Norm Proctor

Personal information
- Full name: Norman Proctor
- Born: 1893 Forbes, New South Wales, Australia
- Died: 13 February 1973 (aged 79–80)

Playing information
- Position: Fullback
Club
| Years | Team | Pld | T | G | FG | P |
| 1916–21 | Glebe | 66 | 4 | 1 | 0 | 14 |
| 1922–24 | North Sydney | 21 | 2 | 1 | 0 | 8 |
|  | Total | 87 | 6 | 2 | 0 | 22 |
Representative
| Years | Team | Pld | T | G | FG | P |
| 1922 | New South Wales | 5 | 0 | 0 | 0 | 0 |
| 1919–22 | Metropolis | 3 | 0 | 0 | 0 | 0 |
- Source:

= Norm Proctor =

Australian rugby league footballer

Norm Proctor was an Australian rugby league footballer who played from the 1910s to the 1920s.

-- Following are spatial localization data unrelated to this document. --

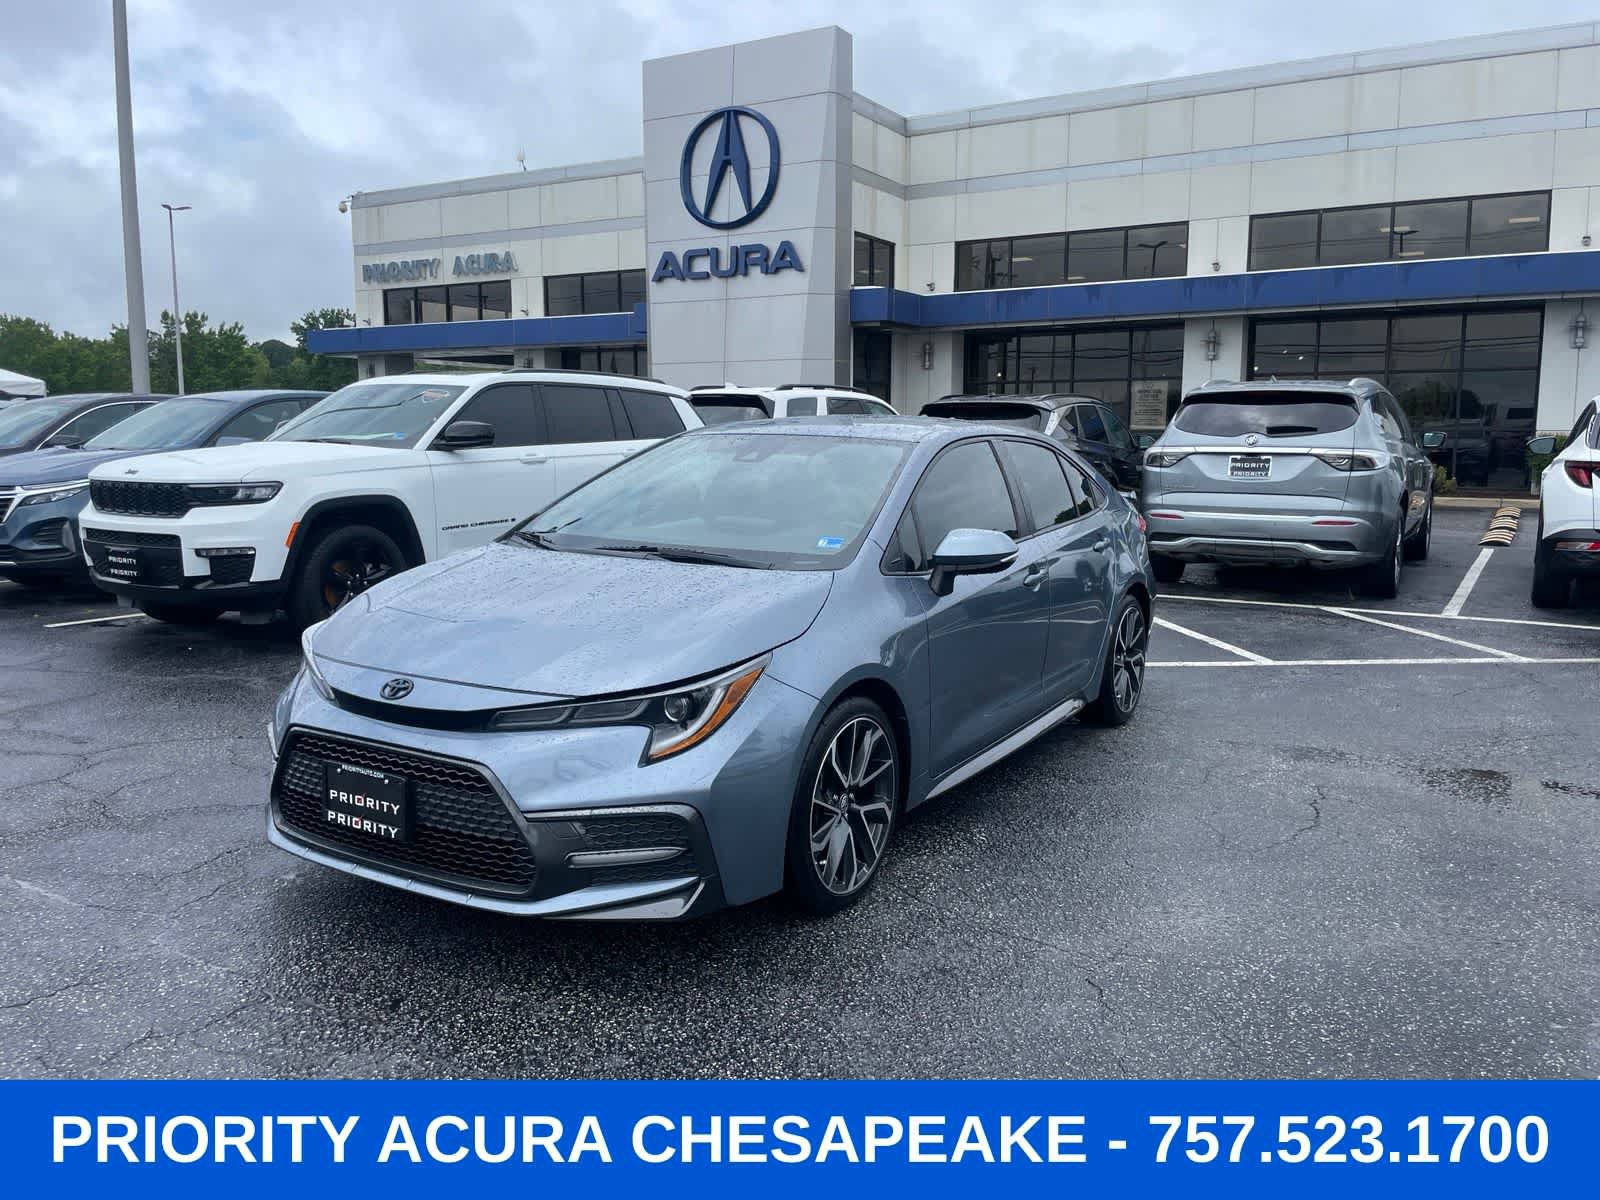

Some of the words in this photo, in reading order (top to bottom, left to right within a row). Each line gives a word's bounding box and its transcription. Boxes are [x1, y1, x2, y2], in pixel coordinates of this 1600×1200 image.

[362, 258, 441, 284] PRIORITY
[453, 250, 518, 278] ACURA
[652, 240, 805, 283] ACURA
[329, 789, 401, 816] PRIORITY
[327, 810, 399, 839] PRIORITY

He played in the NSWRFL premiership for North Sydney and Glebe as a fullback.

==Playing career==
Proctor began his first grade career in 1916 with Glebe before moving to Norths at the end of 1921. Proctor was a member of the North Sydney team which won their second premiership in 1922 defeating his former club Glebe in the grand final 35–3. Proctor also played representative football for New South Wales making 5 appearances. Proctor retired at the end of the 1924 season.